Preliminary Estimated Financial and Other Data, page 15

 

1.

We note you intended to provide preliminary estimated financial results for the three months ended June 30, 2021. With respect to your disclosure that “our final reported results may vary materially from the preliminary estimates,” please revise this statement to delete the word “materially.” With respect to your financial measures expressed in ranges, please ensure that the ranges are sufficiently narrow to be meaningful. Where preliminary estimates differ from historical trends, provide an analysis of the change in trends.

Response: The Company respectfully advises the Staff that the Company has revised the disclosure on pages 14, 15 and 16 to address the Staff’s comment.

Certain Relationships and Related Party Transactions

Amended LLC Agreement, page 170

 

2.

Please revise your disclosure here, and elsewhere as appropriate, to provide a clear description of the material elements of the LLC unit transfer provisions included in the Amended LLC Agreement.
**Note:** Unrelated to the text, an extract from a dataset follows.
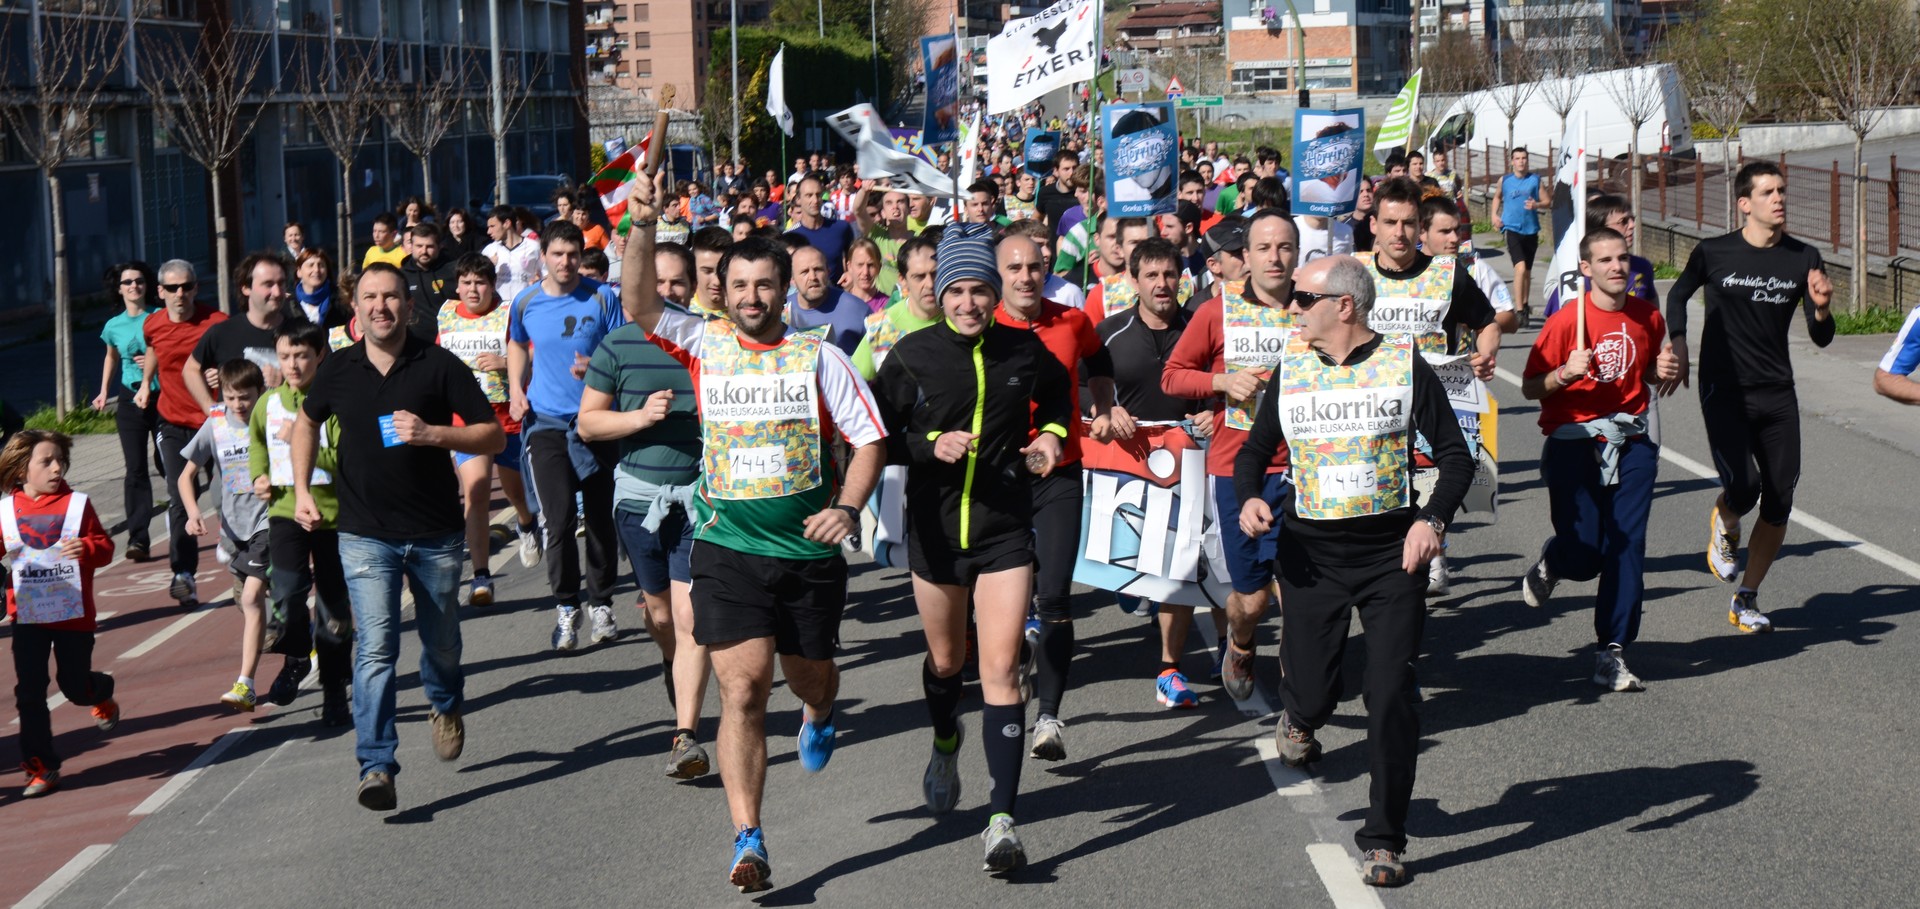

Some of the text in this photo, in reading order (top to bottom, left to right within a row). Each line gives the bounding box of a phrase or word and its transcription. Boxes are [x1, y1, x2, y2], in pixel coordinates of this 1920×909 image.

Response: The Company acknowledges the Staff’s comment and respectfully advises the Staff that the Company has revised the disclosure on pages 179 and 199 to address the Staff’s comment.

Description of Capital Stock

Certain Certificate of Incorporation, Bylaws and Statutory Provisions, page 192

 

3.

We note your disclosure on page 192 that the exclusive forum provision in your amended and restated certificate of incorporation designates the federal district courts of the United States as the exclusive forum for claims arising under the federal securities laws of the United States, including claims arising under the Securities Act. We also note your risk factor on page 68 suggests that your amended and restated certificate of incorporation contains two exclusive forum provisions. Notwithstanding this, it appears that there is only one exclusive forum provision in your amended and restated certificate of incorporation, filed as Exhibit 3.2, and it explicitly states that the provision does not apply to claims arising under the Exchange Act or Securities Act. Please reconcile the exclusive forum provision in your amended and restated certificate of incorporation with the disclosure in the Registration Statement.

Response: The Company acknowledges the Staff’s comment and respectfully advises the Staff that the Company has revised the disclosure on page 71 to address the Staff’s comment.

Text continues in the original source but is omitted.